It’s Anzac Day today, and here’s a postcard written in February 1915 in Cairo, 99 years ago.
I’ve had this card with me for years, and it’s lovely to share it with you now. I hope that George (the writer) and Elsie (the recipient) are smiling kindly, somewhere under a sky full of blue, at being remembered this way.
Here’s the front: the Bristol Hotel, Cairo, which opened in the late 19th century, and closed probably in the 1940s.

And here’s George’s message to Elsie, on the back.
They also burn with his need to hear from his loved ones, his longing to know what they’re up to and that they’re thinking of him. It was a common theme with troops stationed so far away from home.
Many on their way to World War I were like George: young and homesick, but full of life and news from an ancient world completely new to them.

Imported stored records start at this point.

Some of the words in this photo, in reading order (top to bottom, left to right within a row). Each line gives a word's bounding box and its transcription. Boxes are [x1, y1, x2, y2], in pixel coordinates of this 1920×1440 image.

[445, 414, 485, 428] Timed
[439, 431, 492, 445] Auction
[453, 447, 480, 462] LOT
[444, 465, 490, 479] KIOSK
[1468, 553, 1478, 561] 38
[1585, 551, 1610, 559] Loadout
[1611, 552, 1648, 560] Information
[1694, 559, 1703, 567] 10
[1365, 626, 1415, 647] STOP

They would’ve been excited, innocent, perhaps secretly feeling displaced and fearful; larrikins, mates, drily funny and unassumingly courageous; energetic and utterly ignorant of what lay ahead.

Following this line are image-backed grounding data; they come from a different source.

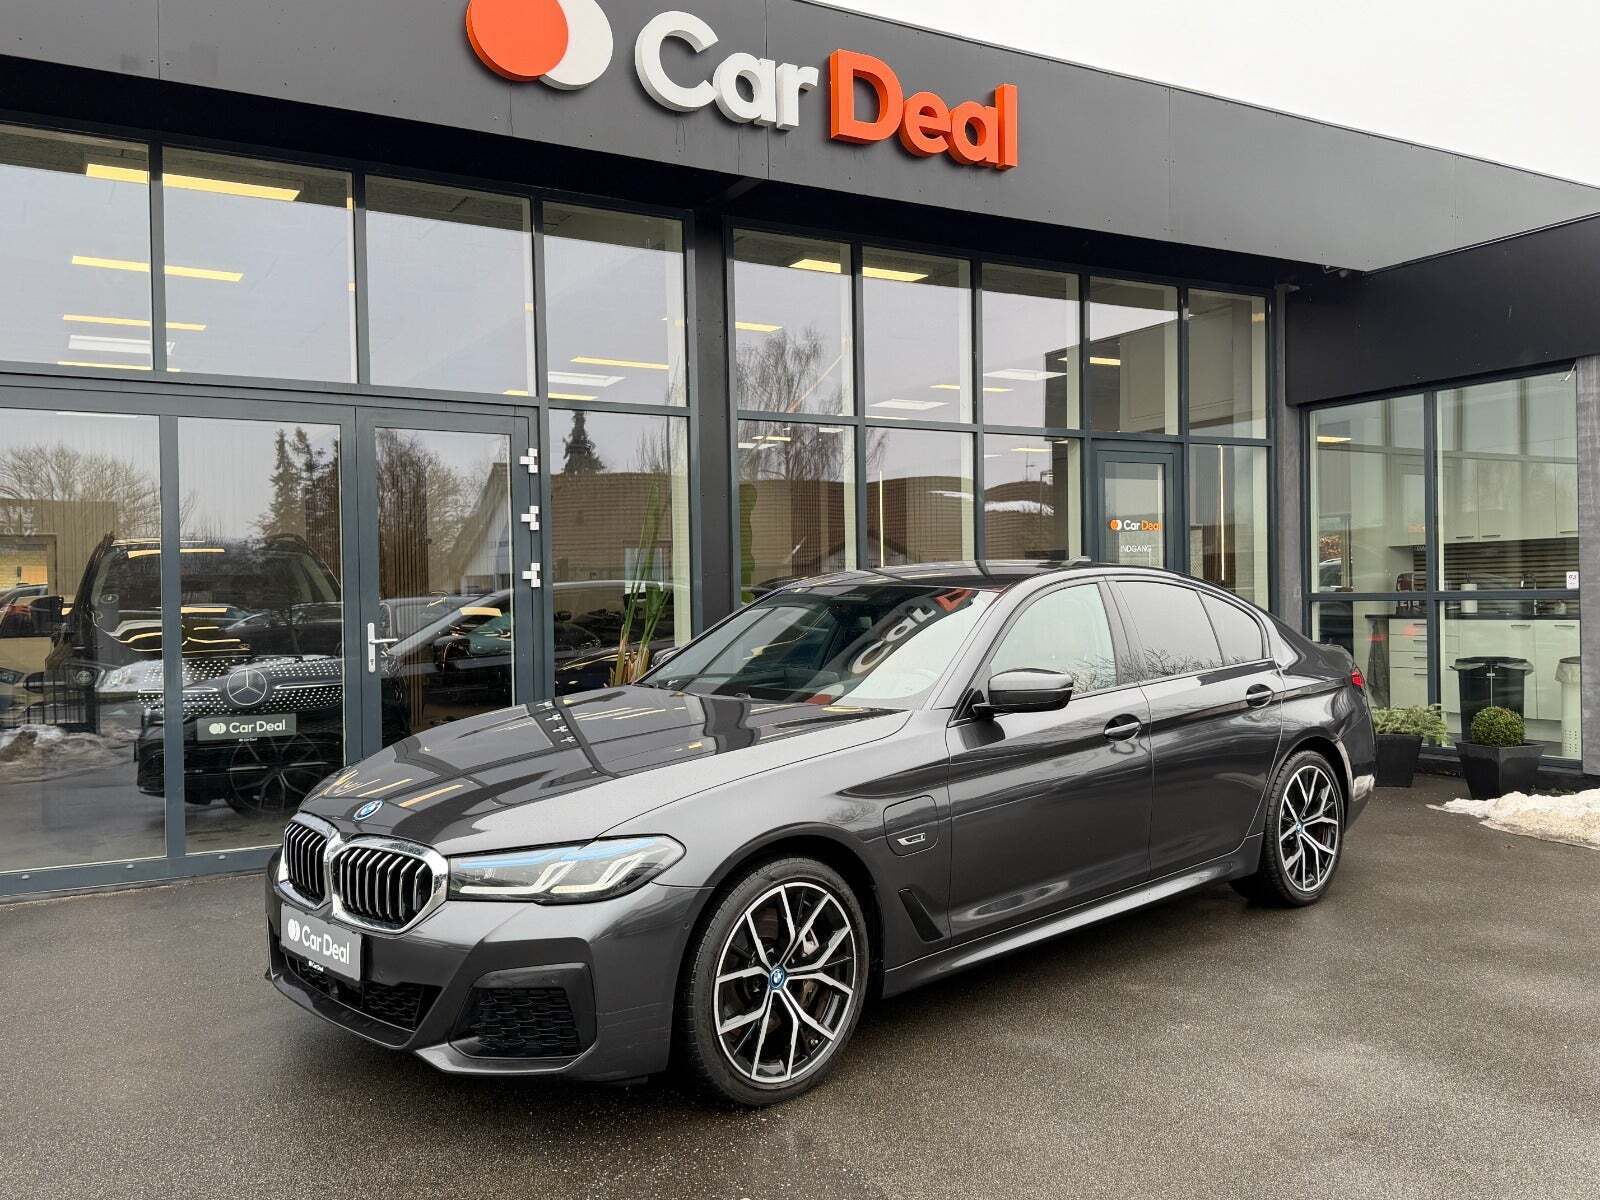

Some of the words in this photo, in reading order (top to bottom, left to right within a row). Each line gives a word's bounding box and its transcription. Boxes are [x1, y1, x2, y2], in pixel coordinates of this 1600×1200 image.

[635, 10, 818, 131] Car
[829, 48, 1018, 170] Deal
[1123, 519, 1140, 531] Car
[1141, 519, 1162, 531] Deal
[1120, 544, 1152, 553] INDGANG
[229, 722, 255, 733] Car
[256, 719, 286, 732] Deal
[301, 925, 322, 952] Car
[323, 932, 350, 965] Deal
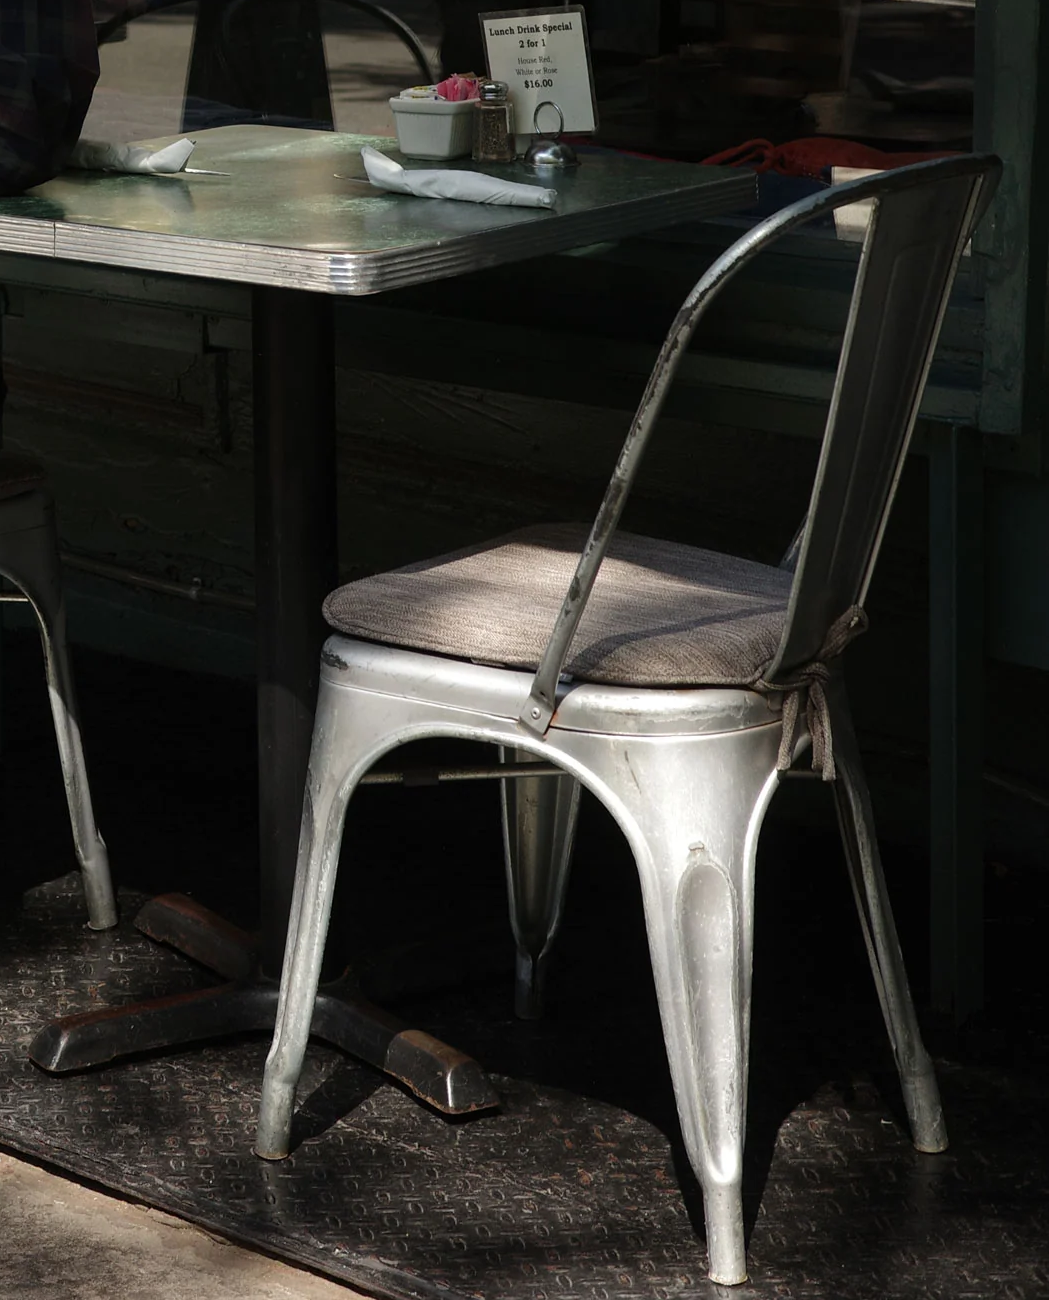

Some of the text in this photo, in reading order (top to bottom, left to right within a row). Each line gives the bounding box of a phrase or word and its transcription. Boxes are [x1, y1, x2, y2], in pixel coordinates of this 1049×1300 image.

[489, 22, 572, 36] Lunch Drink Special
[518, 39, 546, 48] 2 for 1
[517, 57, 537, 65] House
[515, 68, 534, 76] White
[542, 67, 558, 75] Rose
[524, 79, 553, 89] $16.00

In Egypt in late 1914 and early 1915, the first Australians and New Zealanders who’d signed up were trained for battle. Like so many at the start of that awful Great War, they weren’t professional soldiers, but keen volunteer recruits.

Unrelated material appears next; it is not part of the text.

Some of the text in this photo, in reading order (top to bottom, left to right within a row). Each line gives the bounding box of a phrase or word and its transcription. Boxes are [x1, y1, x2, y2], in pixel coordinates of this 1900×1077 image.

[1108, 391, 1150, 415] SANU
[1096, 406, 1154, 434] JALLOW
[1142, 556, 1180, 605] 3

They also formed friendships and got up to high jinks, before they shipped out, bound for the Dardanelles and the carnage at Gallipoli.
But this card, written on Thursday 18 February, precedes that horror.
I don’t know anything more about George or Elsie, or what their relationship was. Were they friends? Brother and sister? Cousins? Nephew and auntie?
George’s words and tone have the informality and banality we all get away with, with family and close friends. Elsie must’ve already told him to write long letters to her, not a ‘very quick one’ like this. I don’t think they’re sweethearts or married, but I could be totally wrong. What do you think their bond was?
Here’s hoping that George made it back to Elsie from the war, alive and well.
It’s bittersweet to reproduce this long-ago postcard in a blog post in April 2014. After all, when George wrote this home, Anzac Day itself didn’t even exist.
Vale, George and Elsie.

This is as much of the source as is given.